Setting Up a Minister’s Housing Allowance the Right Way

The term “housing allowance” is not the same as an “allowance” you give your children. It’s actually the portion of your income that you are “allowed” to exclude from your income tax—and it’s a benefit specifically for ministers. So if you were picturing a housing stipend, it’d probably be better to picture a housing exemption: If you are a minister as defined in IRS Publication 517, the portion of your income used for housing is excluded from the gross income and is considered tax-free. 

For example, if:

1. you set up a housing allowance ahead of time

2. your employing church pays you $60,000 and

3. $18,000 of this was spent on housing

Then you are allowed to exclude $18,000 from your gross income. You will only pay taxes on the remaining $42,000.

Important things you MUST know:

1. You must properly set up the housing allowance before you get paid

2. You must properly report your income including the housing allowance

3. Unless you have filed for self-employment tax exemption, your full income ($60,000 in our example) is still taxable for self-employment tax purposes*.

How do you properly set up a Housing Allowance?

1. You must be an employee, not self-employed.

This benefit is only for clergy who fit the IRS-defined description of ministers AND are defined and reported as employees of a congregation, church, or some other entity, such as a denomination.
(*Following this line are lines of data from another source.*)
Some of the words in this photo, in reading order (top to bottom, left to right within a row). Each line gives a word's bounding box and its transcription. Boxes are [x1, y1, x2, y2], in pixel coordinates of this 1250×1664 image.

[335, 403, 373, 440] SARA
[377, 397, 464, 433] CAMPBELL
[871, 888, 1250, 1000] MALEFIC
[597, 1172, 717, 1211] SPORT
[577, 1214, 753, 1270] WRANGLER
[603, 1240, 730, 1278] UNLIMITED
You can find all of these descriptions and explanations in IRS Publication 517.

Also, the housing allowance permits you to reduce your taxable gross income for federal income taxes, but the benefit does not apply to the social security and Medicare taxes. You must report your full income, including the housing allowance (or the value of any provided parsonage), as self-employed earnings for Social Security coverage*.
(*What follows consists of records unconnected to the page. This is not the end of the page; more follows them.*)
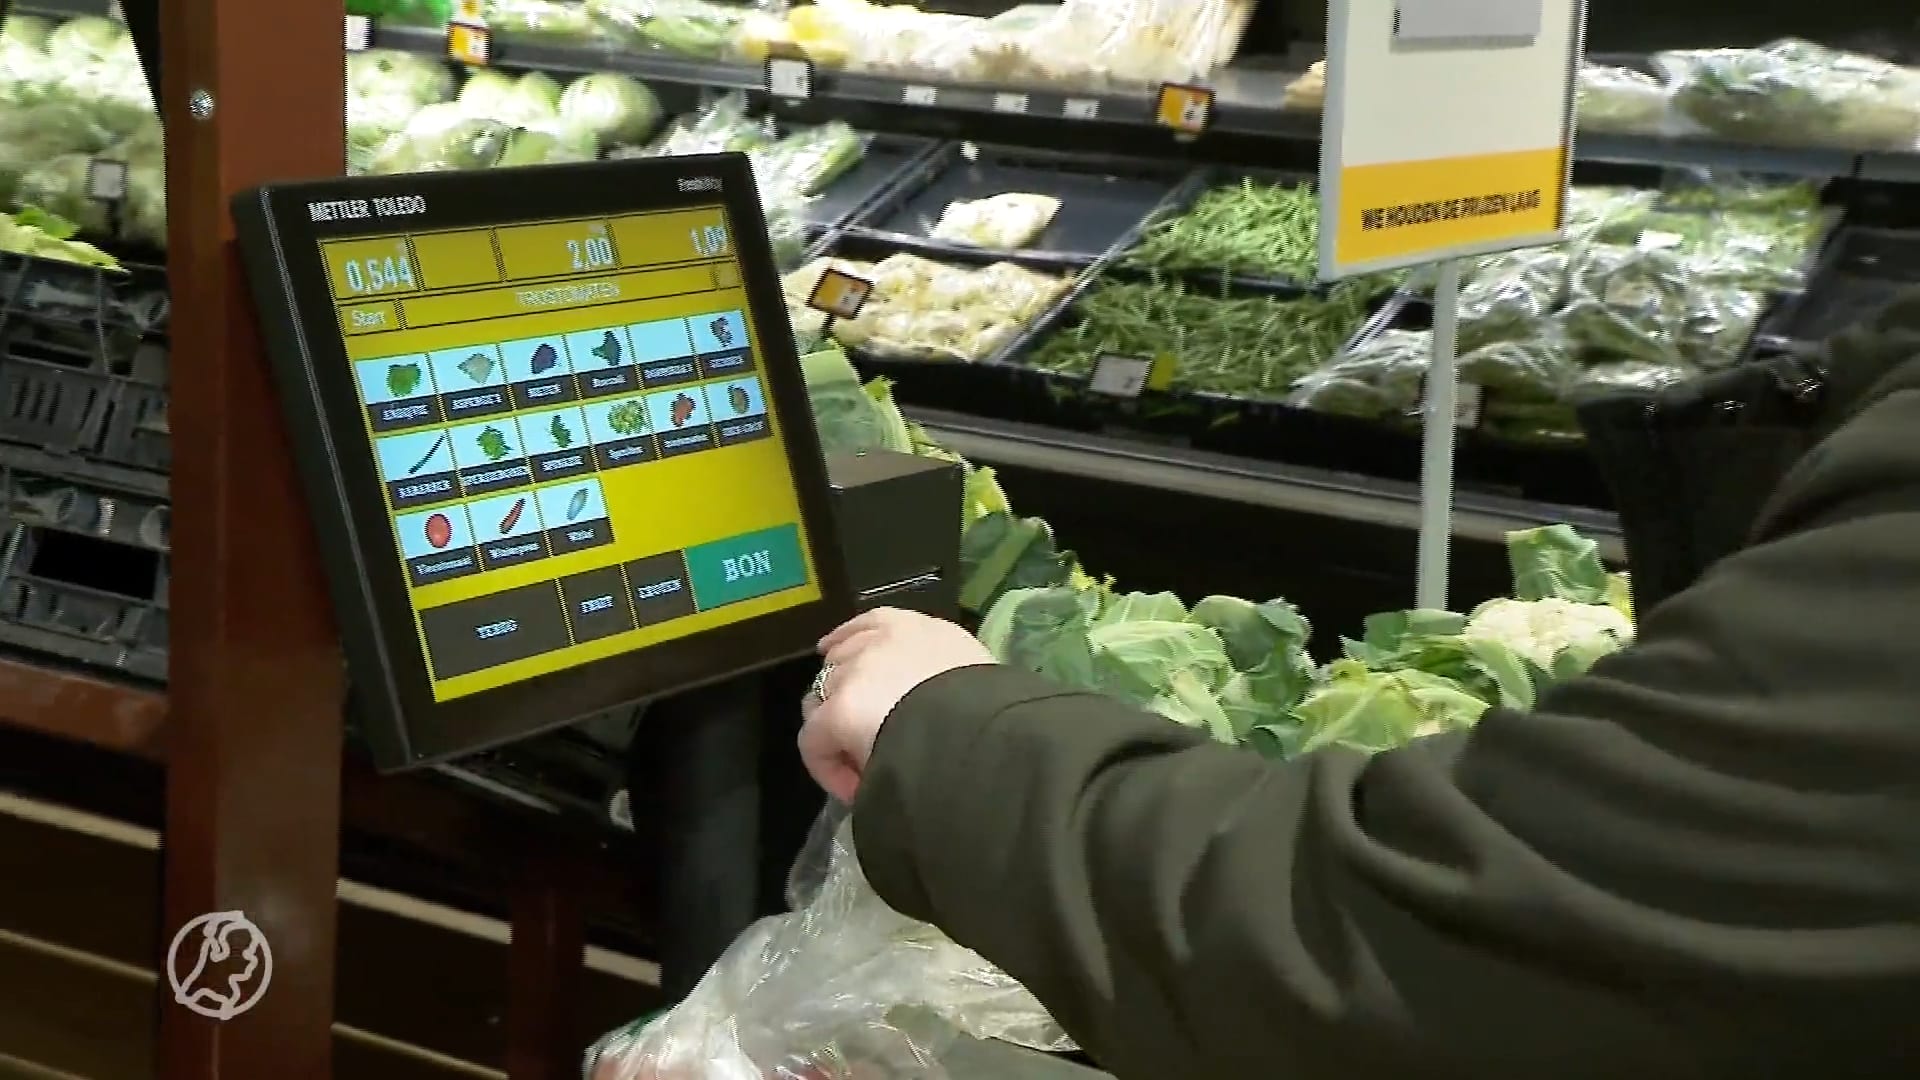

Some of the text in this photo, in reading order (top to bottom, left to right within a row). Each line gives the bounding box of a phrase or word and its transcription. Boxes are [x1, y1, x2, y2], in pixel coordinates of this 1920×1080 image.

[308, 196, 426, 221] METTLER TOLEDO
[1361, 188, 1540, 231] WE HOUDEN DE PRIJZEN LAAG
[690, 226, 727, 256] 1,09
[567, 237, 613, 270] 2,00
[346, 257, 413, 292] 0,544
[517, 282, 619, 305] TROSTOMATEN
[542, 455, 584, 471] SPINAZIE
[398, 480, 451, 498] RABARBER
[722, 549, 772, 582] BON
[638, 578, 682, 599] EXOTEN
[580, 595, 613, 615] FRUIT
[476, 619, 518, 639] TERUG
2. Your housing allowance must be pre-approved.

The church or organization that employs you must approve your housing allowance before payment is made. No housing allowance designations approved after you receive your paycheck can be excluded from your taxable income. Whoever directly employs you, whether a congregation or national agency, must officially designate your housing allowance and document it in board meeting minutes, and in the employment contract.

3. You must properly calculate your expenses.
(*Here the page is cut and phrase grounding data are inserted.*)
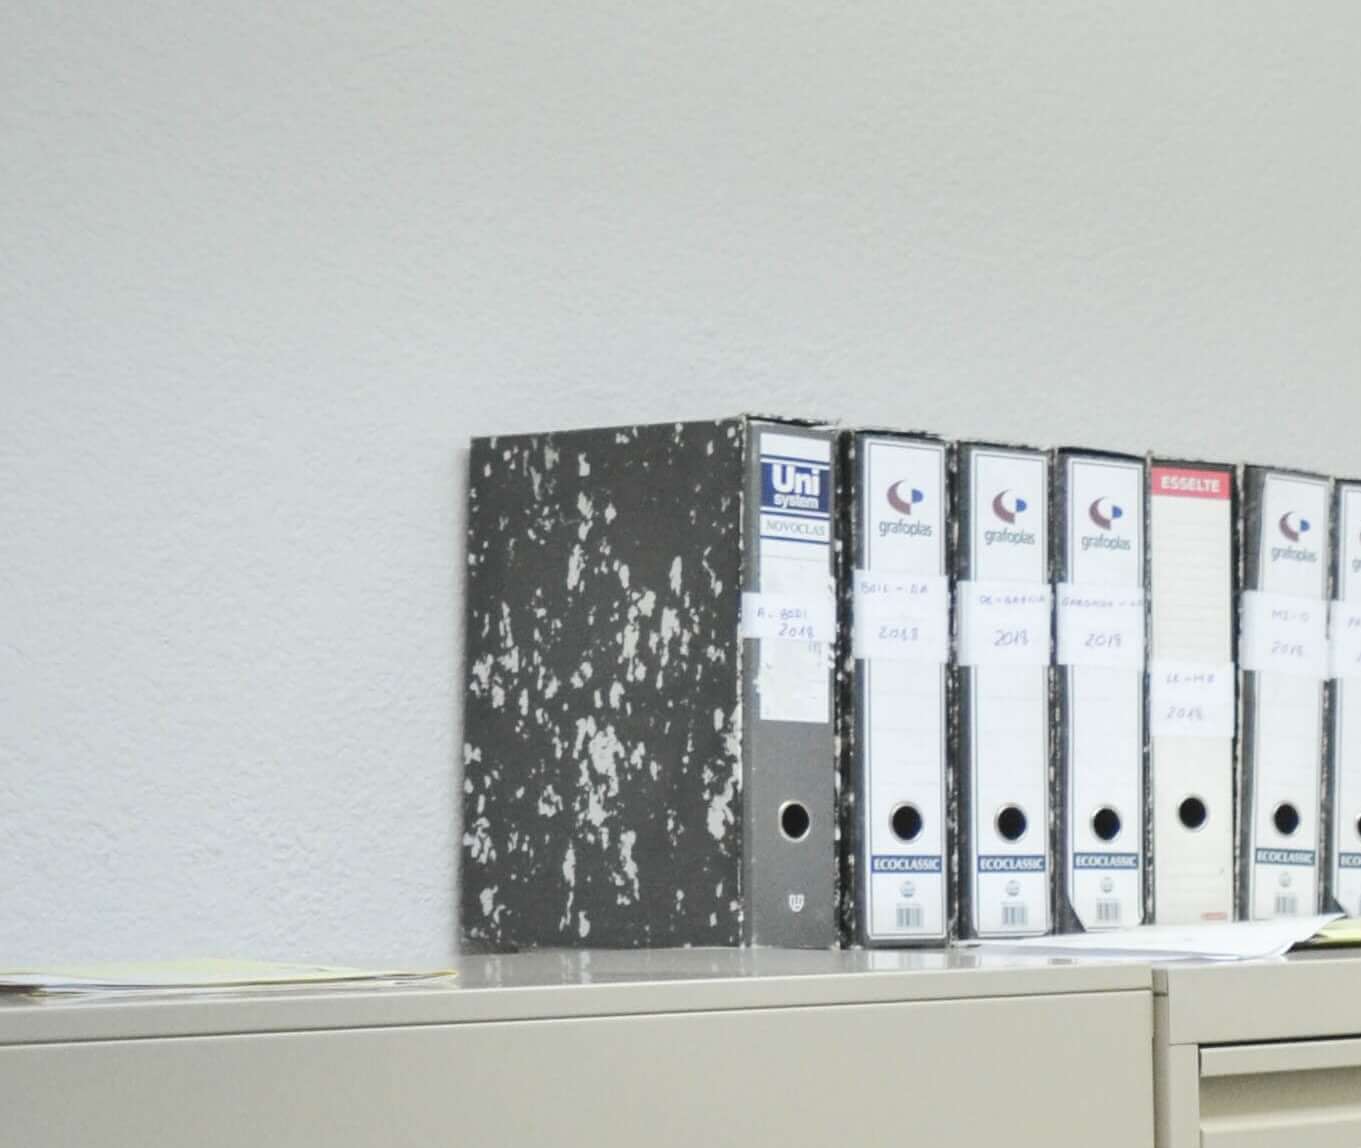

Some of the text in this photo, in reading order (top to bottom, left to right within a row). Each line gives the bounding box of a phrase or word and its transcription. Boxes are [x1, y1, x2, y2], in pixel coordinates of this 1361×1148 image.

[771, 463, 820, 496] Uni
[1160, 475, 1221, 493] ESSELTE
[774, 494, 820, 510] system
[879, 519, 933, 537] grafoplas
[984, 528, 1036, 546] grafoplas
[1081, 534, 1132, 552] grafoplas
[1271, 546, 1318, 563] grafoplas
[873, 857, 941, 872] ECOCLASSIC
[980, 857, 1045, 871] ECOCLASSIC
[1075, 855, 1138, 869] ECOCLASSIC
[1257, 850, 1315, 866] ECOCLASSIC
There are multiple calculations to make when determining the allowable exclusion, but the allowable amount will be the LESSER of the following:

  • the estimated cost of maintaining your home;
  • the actual amount used to provide or rent a home; or
  • the fair market rental value of the home (including furnishings, utilities, garage, etc.).

Please note that you can only deduct the portion of your actual spending towards the home. The rest should be allocated to taxable wages.

Just because you have been approved for a certain amount doesn’t mean you can take it all if you don’t have the documentation to prove that it was all used.

Here’s an example: If you were approved for $75,000 in housing allowance but only had documentation that the actual spending was $45,000, the other $30,000 does get allocated to taxable wages.

*You may have noticed that the housing allowance is an exemption for W2 ministers, and you may be wondering how the self-employment tax is relevant for W2 employees. IRS Publication 517 explains that there are three federal taxes—income tax, social security tax and Medicare tax—and your same ministerial earnings can be treated as wages for one tax and self-employed income for another. Regarding Social Security coverage, it states, “If you are a minister of a church, your earnings for the services you perform in your capacity as a minister are subject to SE [self employment] tax, even if you perform these services as an employee of that church. …Even though all of your income from performing ministerial services is subject to self-employment tax for social security tax purposes, you may be an employee for income tax or retirement plan purposes in performing those same services. For income tax or retirement plan purposes, your income earned as an employee will be considered wages.”